Porque é que quando nos oferecem algo grátis (ex. óculos de papel para ver um filme 3D), temos tendência para agarrar mais unidades do que aquelas que realmente precisamos? Porque é que quando encontramos um produto de que gostamos (ex. consola) numa promoção louca a 30% do preço normal temos vontade de comprar mais do que uma? A explicação para ambos os casos, é porque temos medo de perder a oportunidade. Arranjamos desculpas para nós próprios, como o facto de uma consola se poder estragar, ou podermos levar uma para a casa da praia e outra para a universidade, etc. Mas no fundo é uma reposta fisiológica de medo que se apodera de nós, que controla os nossos processos mentais e nos incita a agarrar mais, a conseguir mais.
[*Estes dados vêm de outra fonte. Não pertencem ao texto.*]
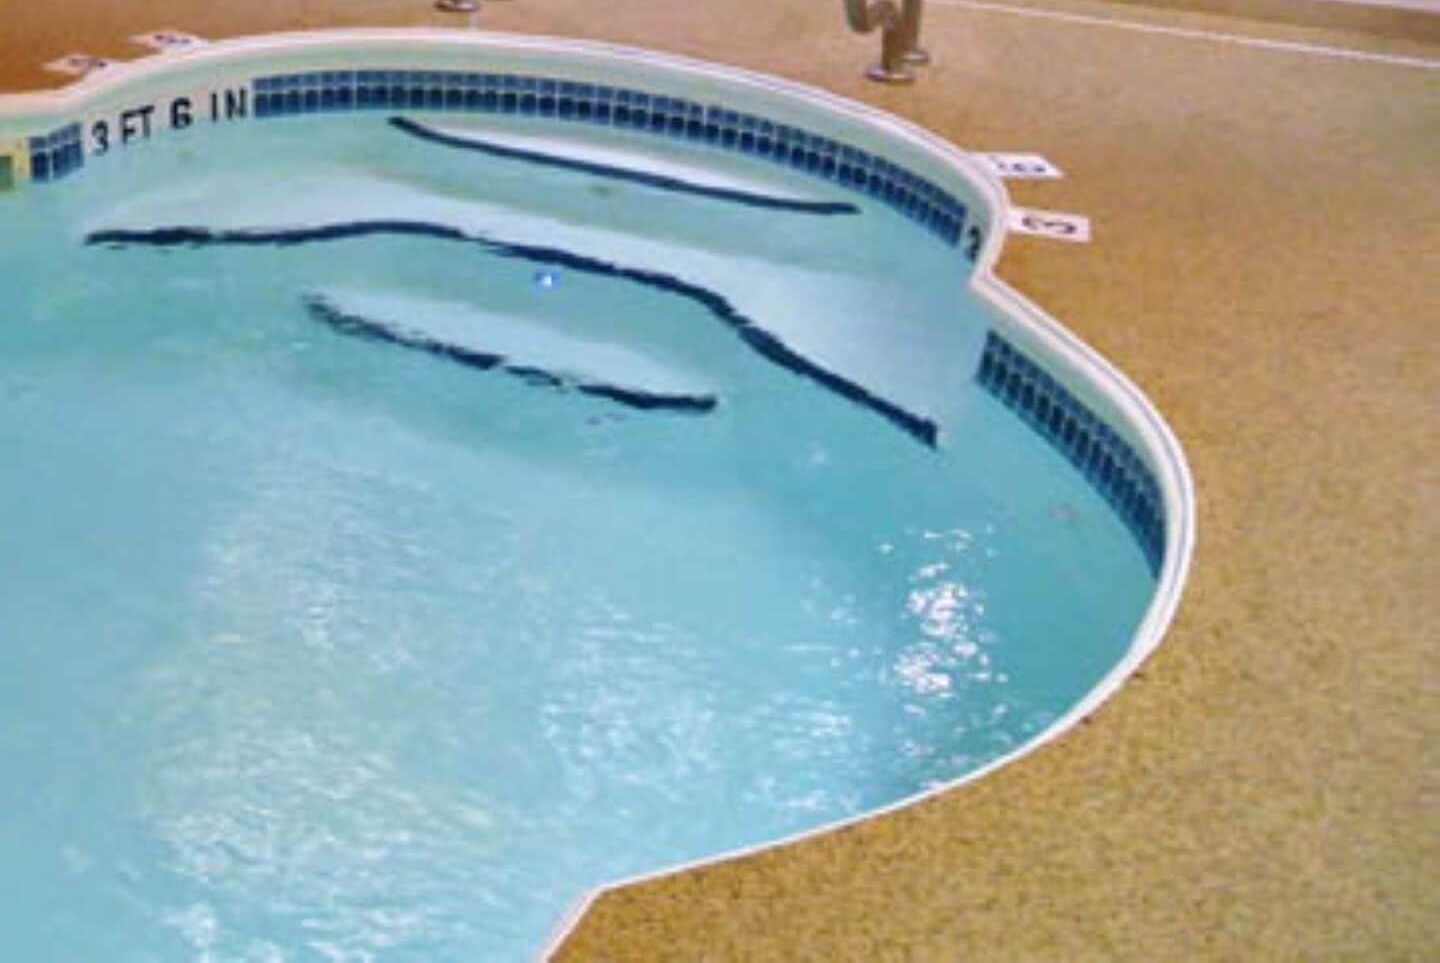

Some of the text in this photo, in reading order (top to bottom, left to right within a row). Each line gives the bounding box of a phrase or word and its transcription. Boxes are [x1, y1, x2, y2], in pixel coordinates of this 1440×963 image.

Isto mesmo acontece quando jogamos e nos focamos em ganhar. O querer ganhar surge-nos como ideia de algo a atingir, ao qual o nosso corpo responde com respostas fisiológicas de medo de perder. Quanto mais vontade de ganhar tivermos, maior será o sentimento de medo de perder. Este sentir é traduzido por respostas emocionais de ansiedade, stress, nervosismo, irritação, ou raiva, todo um quadro que corresponde a respostas fisiológicas de tensão e que empurram o jogador para a necessidade de ganhar. Só com a condição de vitória ultrapassada se dá a descarga da tensão, e aquelas emoções dão lugar a emoções positivas como a alegria.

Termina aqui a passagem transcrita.